La plus importante différence et la plus fondamentale est probablement celle de la finalité de l’enseignement. Si d’un côté il y a un lien avec l’avenir de l’élève, de l’autre côté, il y a une distance avec la société qui est première. C’est cette distance qui a permis que ce fossé se creuse à un point tel que ministres et conseillers n’en ont même pas pris la mesure.
Elitisme et numérique
La revalorisation de ces filières aurait mérité d’abord que l’on considère que ce qu’elles ont su faire, pouvait aussi servir d’exemple à la filière généraliste. Au lieu de cela, on n’a eu de cesse de tenter de « généraliser » ces filières en allant jusqu’à rendre théorique des enseignements pratiques. Non qu’il n’y en ait pas besoin, mais l’idée qui sous tendue était davantage de fondre le technologique dans le général que de faire du technologique une option nécessaire du général. Le rapport récent sur ces filières ne vient pas contredire cette analyse.

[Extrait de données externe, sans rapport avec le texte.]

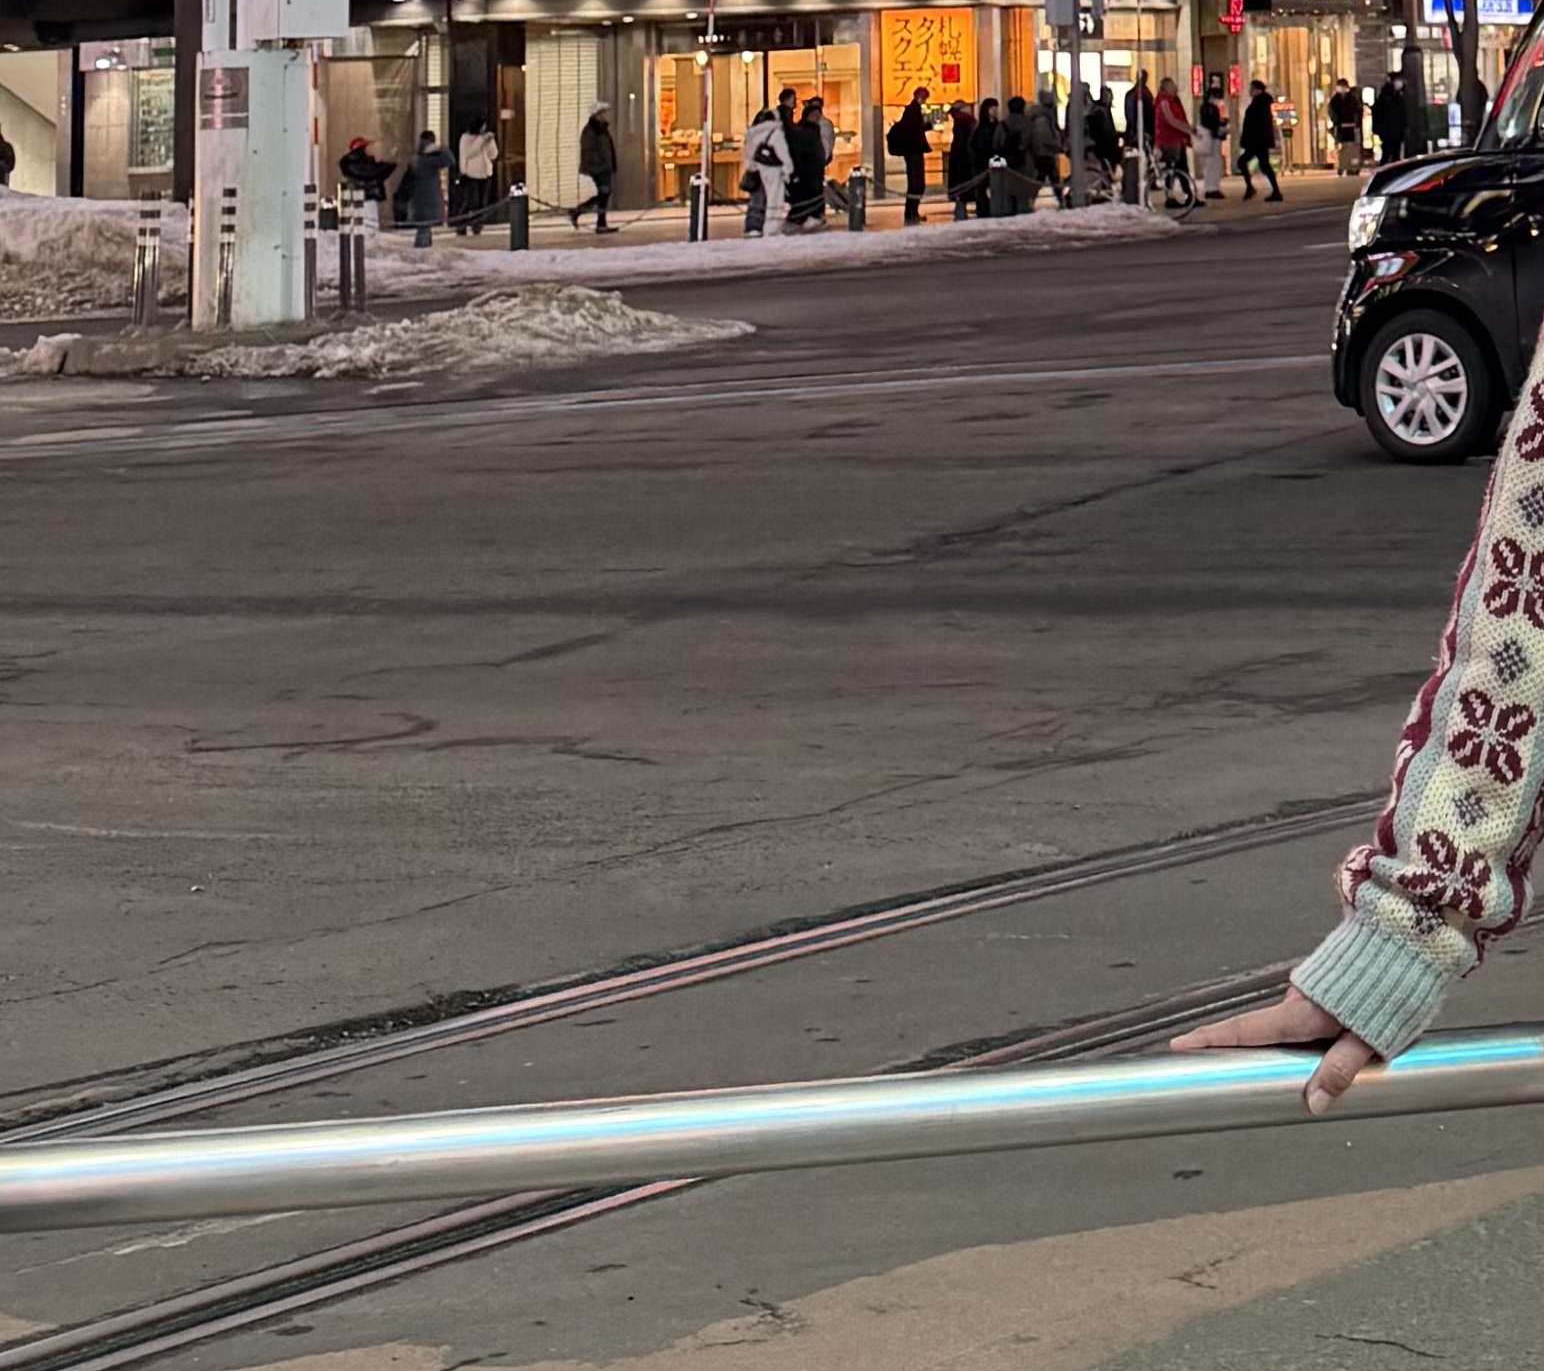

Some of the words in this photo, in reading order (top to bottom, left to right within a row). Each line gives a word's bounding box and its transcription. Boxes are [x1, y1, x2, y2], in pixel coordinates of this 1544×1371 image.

[891, 17, 913, 98] スクエア
[938, 15, 962, 61] 札幌
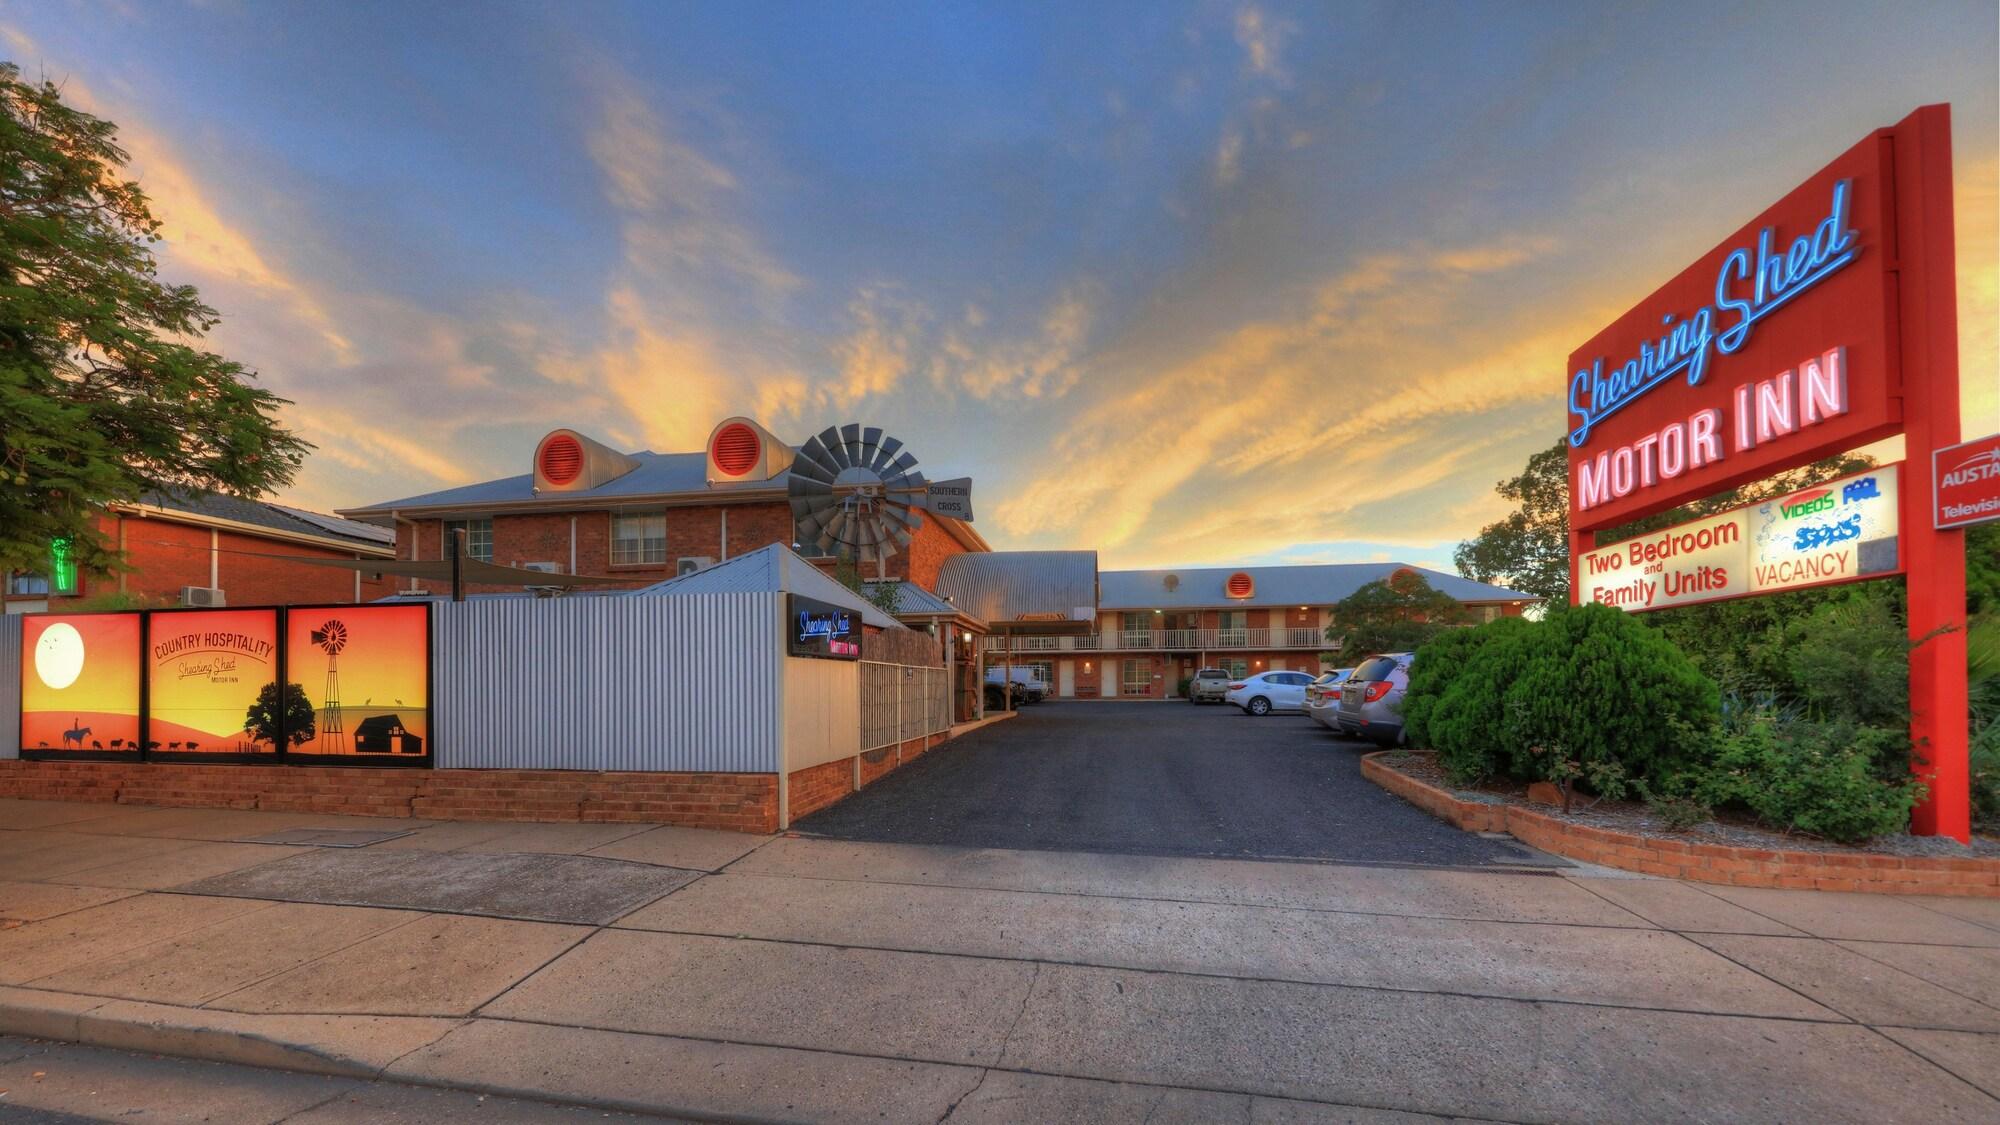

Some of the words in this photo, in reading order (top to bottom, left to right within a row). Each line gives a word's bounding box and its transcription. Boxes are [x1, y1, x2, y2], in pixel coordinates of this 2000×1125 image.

[1569, 304, 1718, 447] Shearing
[1715, 178, 1863, 354] Shed
[1577, 407, 1725, 512] MOTOR
[1733, 345, 1848, 452] INN
[930, 486, 968, 497] SOUTHERN
[937, 501, 962, 511] CROSS
[1780, 490, 1834, 520] VIDEOS
[1941, 496, 2000, 518] Televisi
[1585, 552, 1622, 575] Two
[1629, 521, 1738, 566] Bedroom
[1644, 561, 1663, 575] and
[1755, 550, 1849, 586] VACANCY
[1593, 578, 1656, 607] Family
[1664, 565, 1729, 597] Units
[800, 609, 832, 643] Shearing
[831, 607, 850, 639] Shed
[154, 634, 201, 660] COUNTRY
[204, 632, 274, 658] HOSPITALITY
[178, 660, 213, 680] Shearing
[213, 656, 237, 675] Shed

Aussi peut-on se demander s’il ne faudrait pas repenser fondamentalement la place des techniques, et pas seulement des sciences, dans la culture générale de l’honnête homme. En tout cas l’exemple de l’informatisation dans l’enseignement illustre le fossé, la distance qui sépare finalement une conception élitiste de l’enseignement d’une conception culturelle commune qui fonderait réellement l’éducation, bien au delà du socle (si mal nommé ?).